The large-scale shape of the signal's state space.
Delay-embeds the signal into 5D, builds a k-nearest-neighbor graph on the resulting point cloud, and measures three properties of the graph that are invariants of the "Cayley graph" of the underlying dynamics: how curved it is (hyperbolicity), how fast it grows (dimension), and how connected it is (spectral gap).
How does the number of points within graph distance r scale? β ≈ 1 means the dynamics live on a curve (1D). β ≈ 2 means area-filling (2D manifold). β > 2 means volume-filling or branching. BTC returns score 2.07 (the highest in the atlas — financial returns fill a 2D manifold in delay space). Lotka-Volterra scores 0.56 (its limit cycles live on a 1D curve). DNA scores moderately (1.5-1.7), consistent with a branching structure in sequence space.
Gromov δ-hyperbolicity, normalized by diameter. δ ≈ 0 means the graph is tree-like (hyperbolic, negative curvature). δ/diam ≈ 0.25 means flat (Euclidean). Logistic chaos (0.26) and DNA (0.26) are the most "flat" — their delay embeddings fill space uniformly, without tree-like branching. Periodic orbits score 0.0 (trivially tree-like — just a cycle).
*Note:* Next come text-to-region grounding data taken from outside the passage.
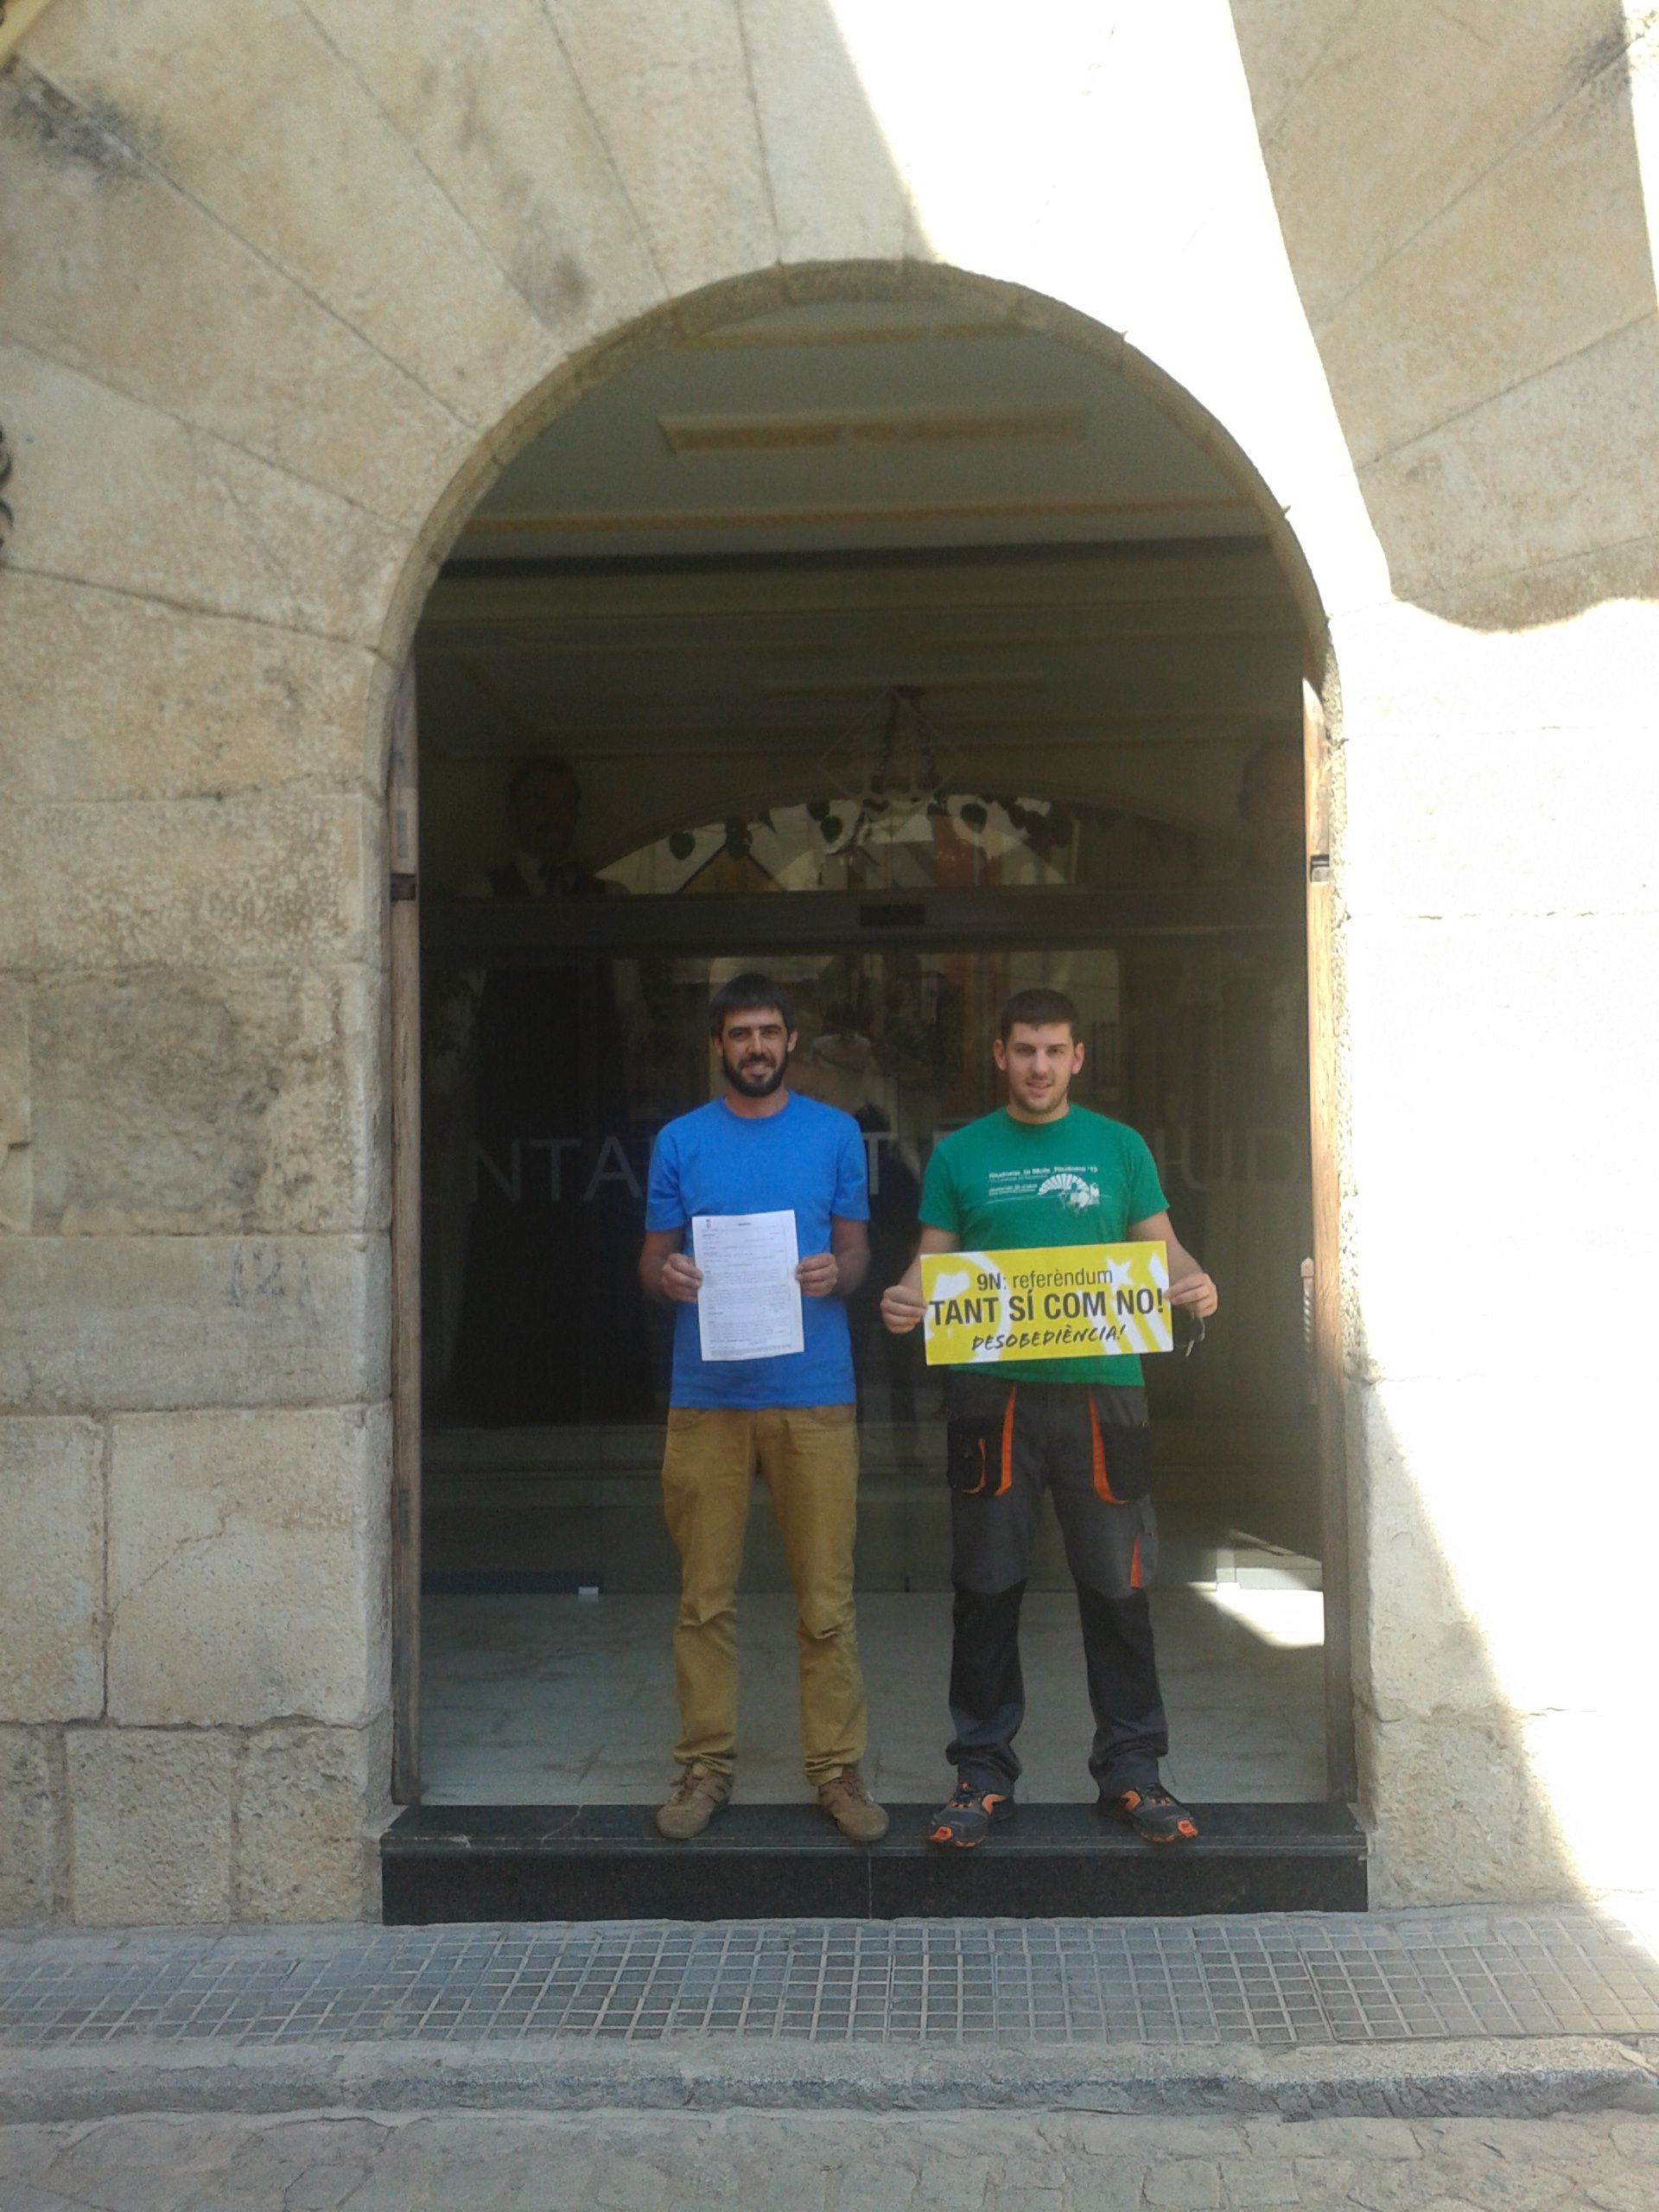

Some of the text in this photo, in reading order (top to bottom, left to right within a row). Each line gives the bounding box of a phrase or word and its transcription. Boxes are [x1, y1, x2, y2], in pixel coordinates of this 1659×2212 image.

[976, 1268, 1114, 1291] 9N: referèndum
[929, 1287, 1165, 1326] TANT SÍ COM NO!
[971, 1324, 1127, 1351] DESOBEDIÈNCIA!
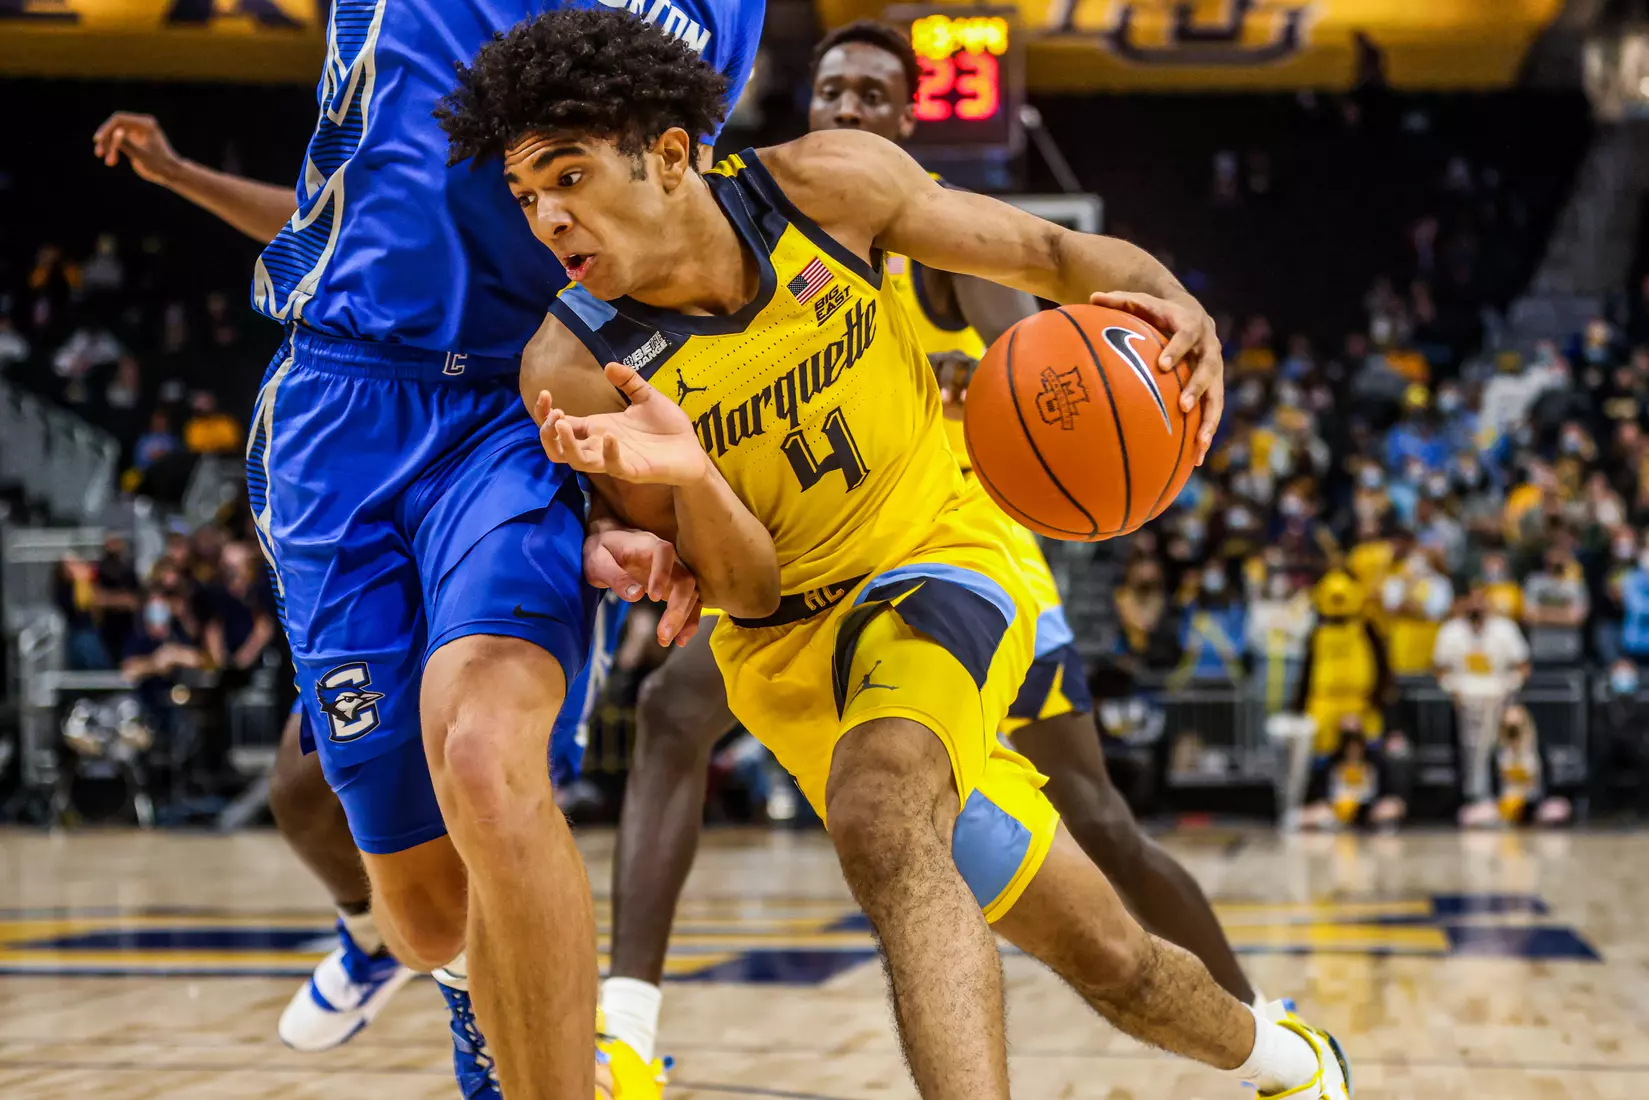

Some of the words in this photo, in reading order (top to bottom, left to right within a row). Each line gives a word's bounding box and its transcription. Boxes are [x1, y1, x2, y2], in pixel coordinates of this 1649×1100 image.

[913, 50, 999, 121] 23
[814, 284, 839, 312] BIG
[816, 285, 851, 322] EAST
[632, 339, 668, 371] HANGE
[692, 298, 877, 458] Marquette
[780, 406, 870, 494] 4
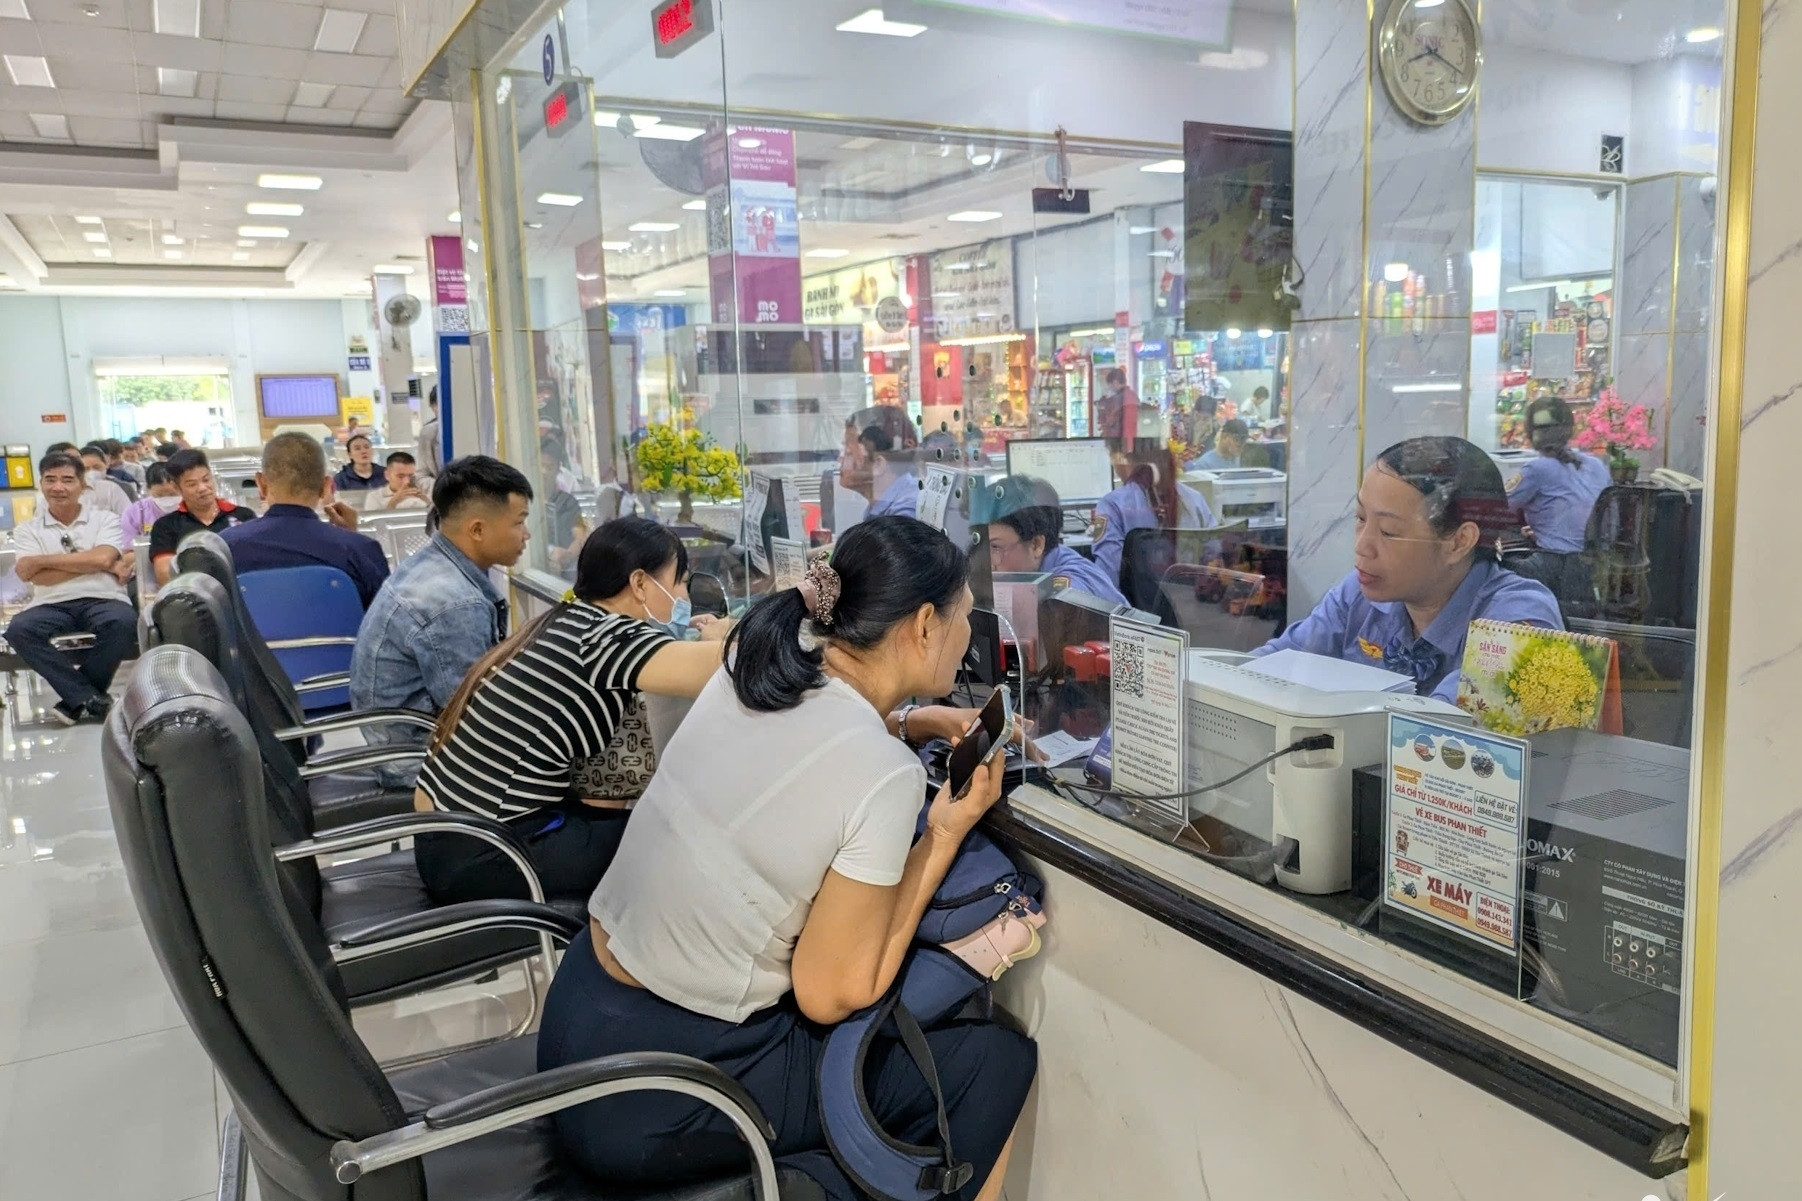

Fiedler eigenvalue of the graph Laplacian: how well-connected is the state space? Large gap means rapid mixing (the dynamics explore the full space quickly). BTC returns (0.035) and neural net dense (0.029) have the largest gaps — both are highly mixing processes. Symbolic Henon scores 0.0 (its state space has disconnected components in the graph).
| Source | Domain | Value |
|---|---|---|
| Logistic Chaos | chaos | 0.2611 |
| DNA Centromere | bio | 0.2557 |
| DNA Plasmodium | bio | 0.2557 |
| ··· | ||
| Constant 0xFF | noise | 0.0000 |
| Constant 0x00 | noise | 0.0000 |
| Logistic r=3.83 (Period-3 Window) | chaos | 0.0000 |
| Source | Domain | Value |
|---|---|---|
| BTC Returns | financial | 2.0668 |
| Rainfall (ORD Hourly) | climate | 1.9916 |
| Neural Net (Dense) | binary | 1.9710 |
| ··· | ||
| Constant 0xFF | noise | 0.0000 |
| Constant 0x00 | noise | 0.0000 |
| Lotka-Volterra | bio | 0.5559 |
| Source | Domain | Value |
|---|---|---|
| DNA Plasmodium | bio | 1.0000 |
| DNA Thermus | bio | 1.0000 |
| DNA Centromere | bio | 1.0000 |
| ··· | ||
| Constant 0xFF | noise | 0.0000 |
| Constant 0x00 | noise | 0.0000 |
| BTC Returns | financial | 0.0080 |
| Source | Domain | Value |
|---|---|---|
| BTC Returns | financial | 0.0354 |
| Neural Net (Dense) | binary | 0.0288 |
| Gaussian Noise | noise | 0.0287 |
| ··· | ||
| Constant 0xFF | noise | 0.0000 |
| Constant 0x00 | noise | 0.0000 |
| Symbolic Henon | exotic | 0.0000 |
Cayley's spectral_gap was a key discriminator in the negative re-evaluation study: it helped reclassify Arnold cat map and GARCH as positive detections. Growth exponent provides an intrinsic dimension estimate that complements the extrinsic dimension from fractal geometries. In the atlas, Cayley separates the distributional view's C3 (low growth, tree-like: symbolic dynamics and periodic orbits) from C2 (high growth, flat: continuous chaos and noise).